The Ease/Impact Matrix I’m about to describe is a variation of the more common Impact/Effort Matrix beloved by MBAs and product managers everywhere…If it ain’t broke, don’t fix it - tweak it:

This framework is fairly straightforward. On the Y axis, you have Impact. On the X axis, you have Ease.

Opportunities can fall into four quadrants (clockwise from top right):

  • High Impact, High Ease - Quick wins, you want to do these ASAP

  • Low Impact, High Ease - These feel good to get done but are unimportant. Do them next but limit time-spent.

  • Low Impact, Low Ease - Ignore these!

  • High Impact, Low Ease - Big, long-term projects - work on them consistently between quick wins.

When evaluating potential opportunities:

  1. List them out and give them Impact and Ease scores from 1-10. 

  2. Map them to the Ease/Impact Matrix.

If you’re looking for a quick win:

  1. Take all that have High Impact, High Ease and assign them new 1-10 Impact and Ease scores relative to each other.

  2. Now map those.

  3. Repeat until only one remains in the High Impact, High Ease category.

That’s the one project you do next!

Once you’ve completed that, run the framework again to figure out what to do next…and so on and so forth.

I’ve used this framework in my own decision-making.
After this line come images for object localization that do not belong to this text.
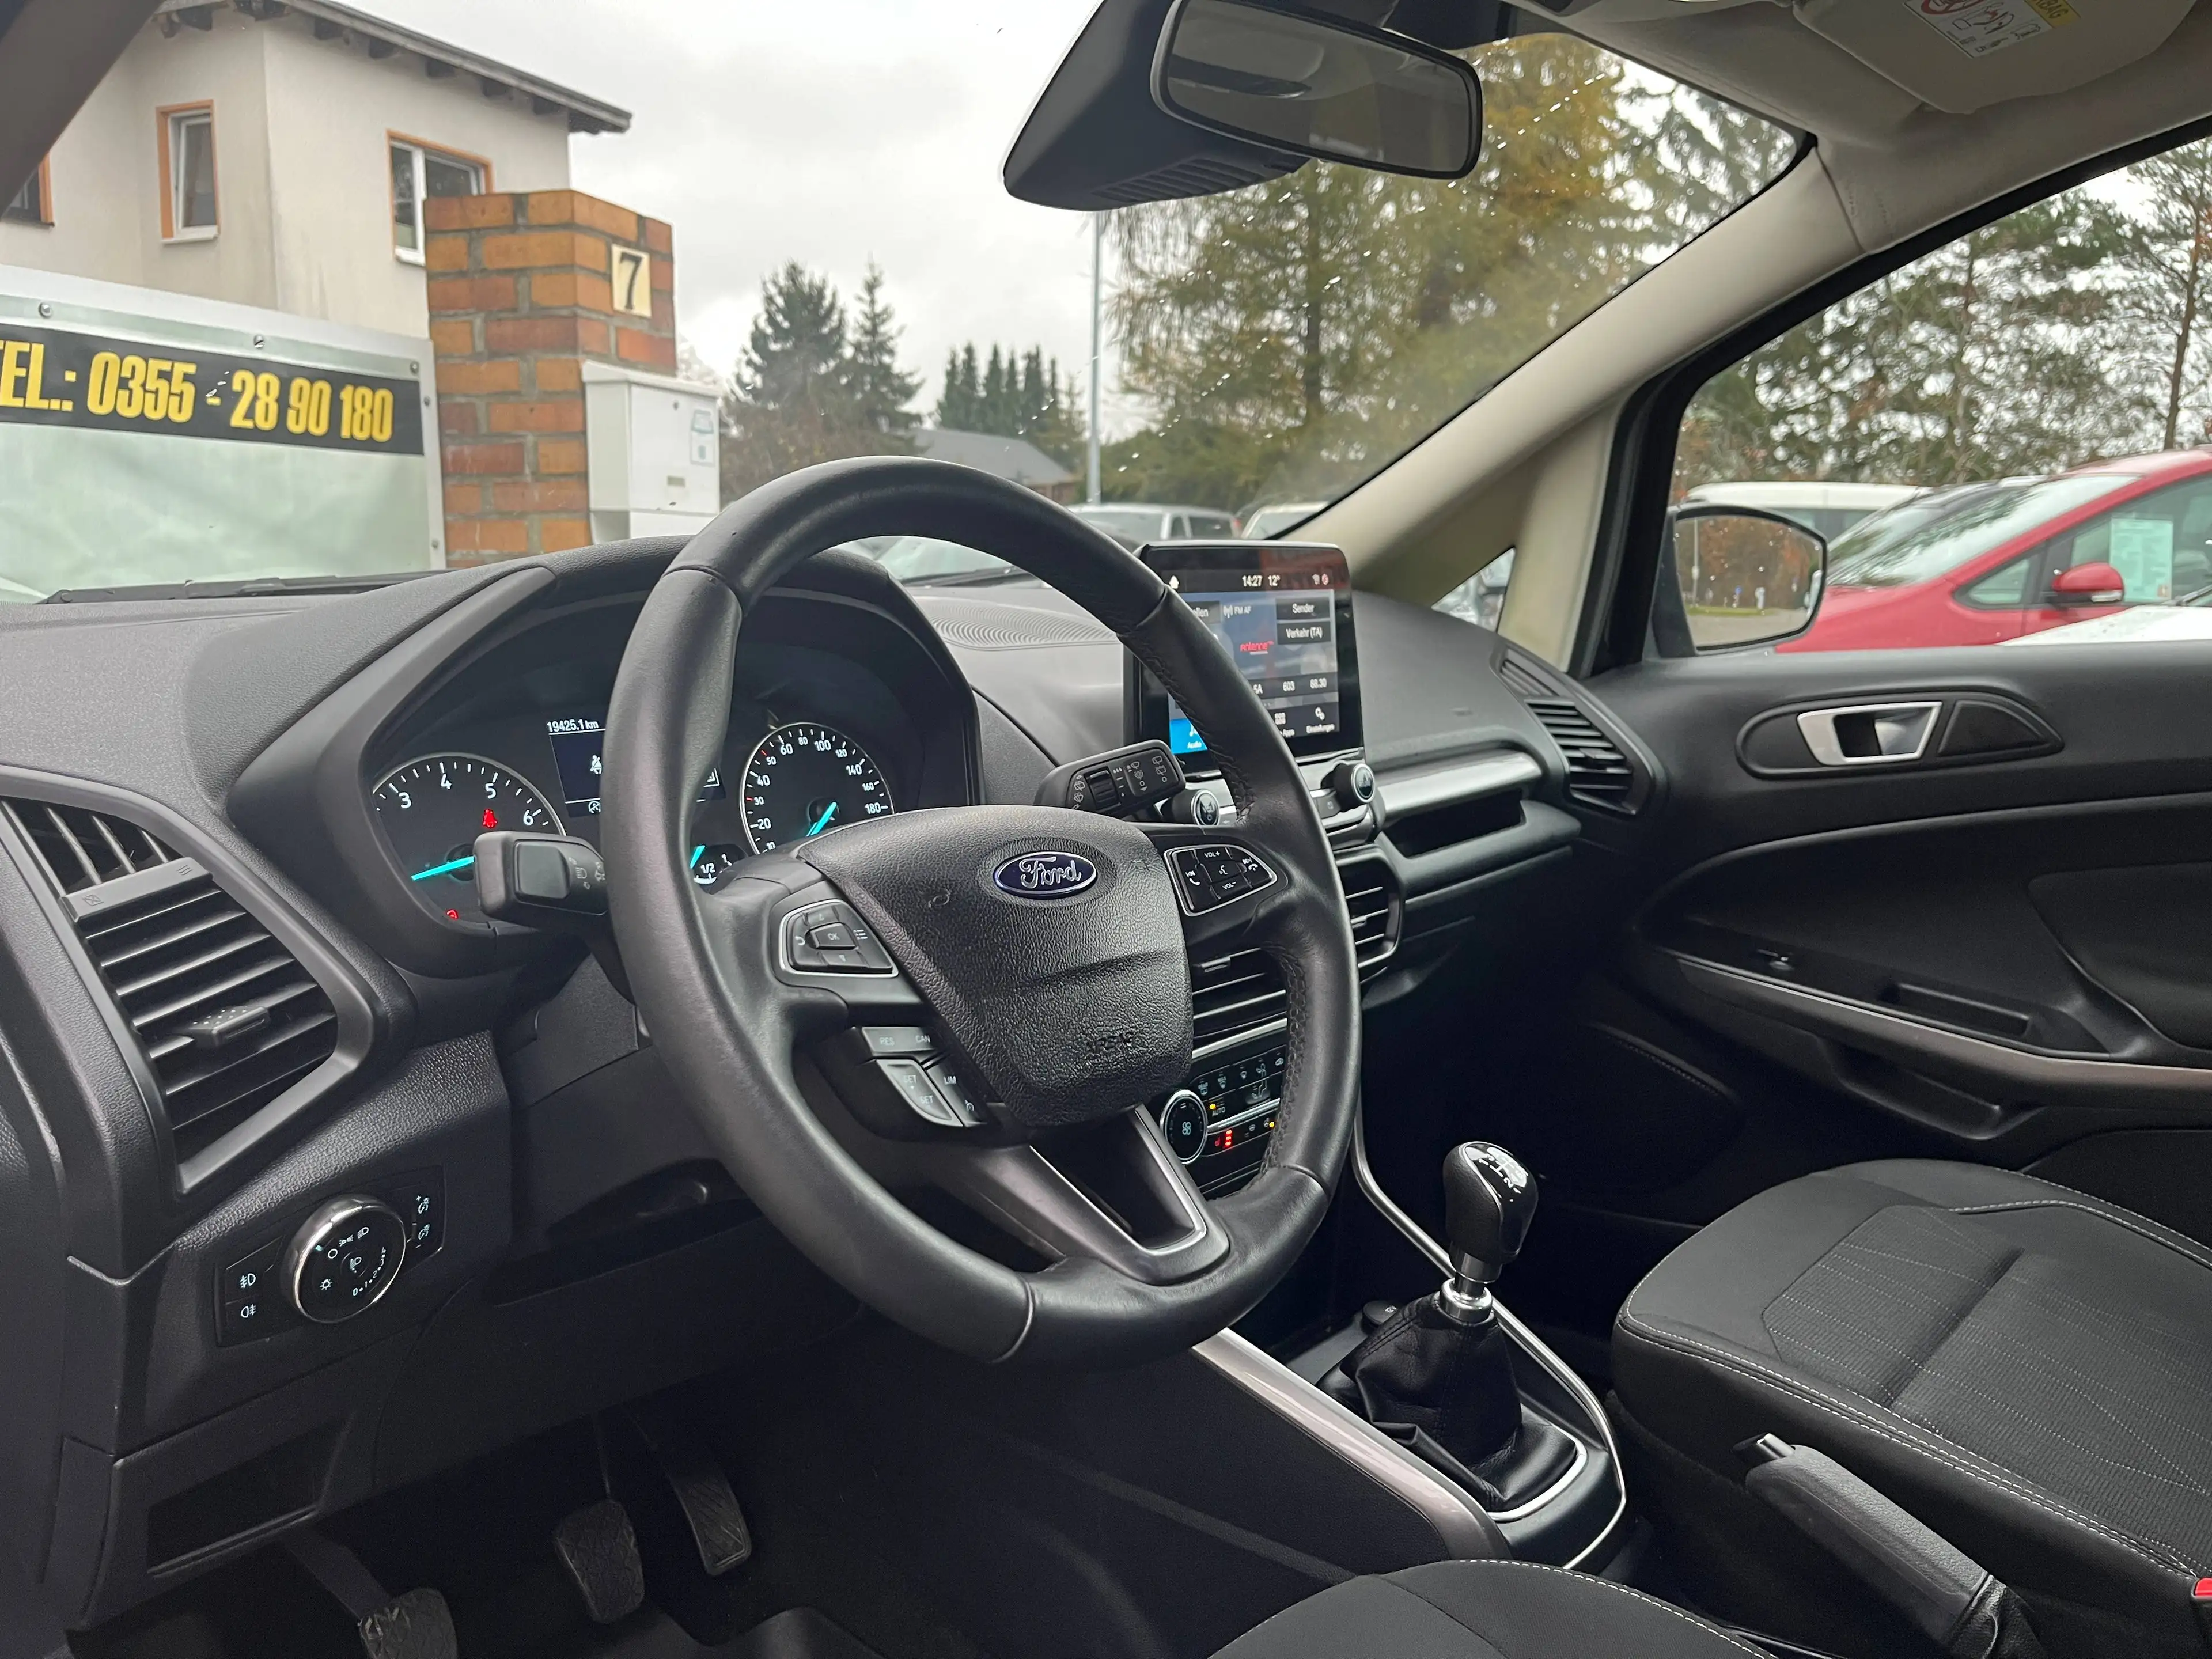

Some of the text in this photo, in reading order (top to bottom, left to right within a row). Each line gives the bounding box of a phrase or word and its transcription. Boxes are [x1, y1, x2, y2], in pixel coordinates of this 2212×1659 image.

[2032, 0, 2069, 18] BAG
[618, 252, 642, 309] 7
[0, 339, 77, 412] EL.:
[87, 351, 196, 423] 0355
[229, 370, 280, 431] 28
[286, 376, 331, 438] 90
[340, 384, 394, 443] 180
[1242, 574, 1281, 586] 14:27 12°
[1192, 607, 1209, 618] ellen
[1234, 606, 1251, 615] FM AF
[1292, 603, 1315, 613] Sender
[1286, 627, 1323, 639] Verkehr (TA)
[1282, 681, 1296, 692] 603
[546, 719, 599, 733] 19425.1 km
[798, 736, 808, 746] 80
[814, 740, 831, 752] 100
[1187, 741, 1202, 749] Audio
[780, 743, 794, 755] 60
[835, 748, 848, 758] 120
[766, 756, 777, 766] 50
[846, 764, 863, 775] 140
[441, 774, 452, 790] 4
[757, 774, 770, 786] 40
[485, 782, 496, 798] 5
[862, 782, 875, 791] 160
[399, 792, 412, 809] 3
[754, 797, 764, 806] 30
[865, 802, 881, 814] 180
[523, 809, 534, 825] 6
[757, 819, 772, 830] 20
[766, 841, 775, 851] 10
[700, 863, 716, 874] 1/2
[1018, 855, 1081, 889] Ford
[828, 932, 840, 941] OK
[880, 1035, 931, 1046] RES CAN
[903, 1074, 917, 1084] SET
[944, 1075, 957, 1085] LIM
[921, 1094, 934, 1104] SET
[1212, 1106, 1226, 1117] AUTO
[1503, 1177, 1514, 1188] 2
[373, 1270, 377, 1279] 2
While everyone makes these calculations subconsciously, sometimes it’s helpful to be able to map it out - especially when there are lots of opportunities on the table.
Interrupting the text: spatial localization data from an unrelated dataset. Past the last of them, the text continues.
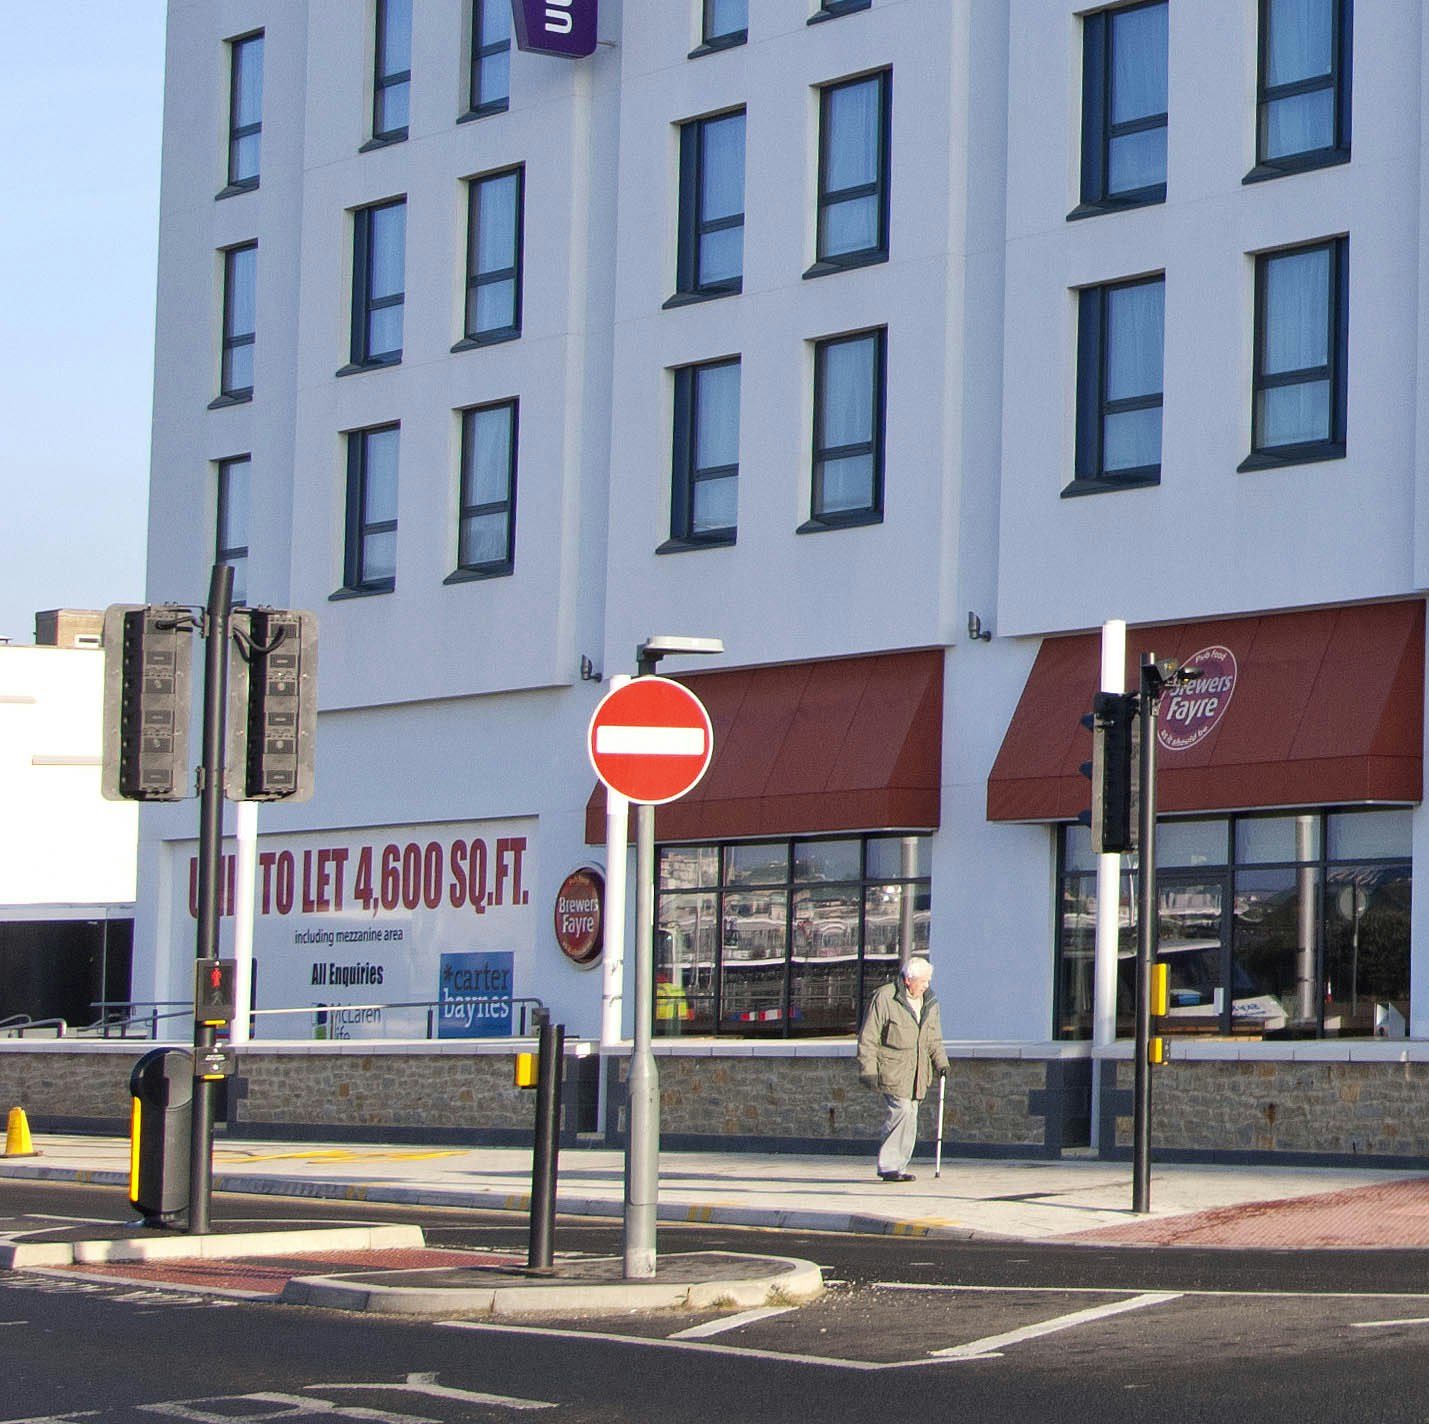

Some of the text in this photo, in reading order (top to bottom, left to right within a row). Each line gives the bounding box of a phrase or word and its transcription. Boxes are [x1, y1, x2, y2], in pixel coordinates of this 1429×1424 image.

[1166, 697, 1218, 726] Fayre
[259, 850, 295, 915] TO
[302, 848, 349, 913] LET
[354, 841, 443, 918] 4,600
[450, 837, 529, 914] SQ.FT.
[559, 896, 599, 913] Brewers
[295, 927, 404, 947] including mezzanine area
[562, 914, 594, 938] Fayre
[312, 962, 384, 987] All Enquiries
[443, 987, 510, 1028] baynes
There are three caveats to keep in mind:

  • Humans often overestimate ease and/or impact. We can’t see the future, and we have biases around what we want to do, so we often rationalize opportunities as more easy or valuable than they actually will be. Careful of these traps! (Great article on this here)

  • Impact and ease are complex ideas. Impact could mean revenue now or it could mean setting up for revenue later. Ease could mean time spent or it could mean emotional energy doing something unpleasant. There are many ways to interpret these concepts, so you should consider what each means to you as an individual and standardize your scoring based on your personal definitions of each.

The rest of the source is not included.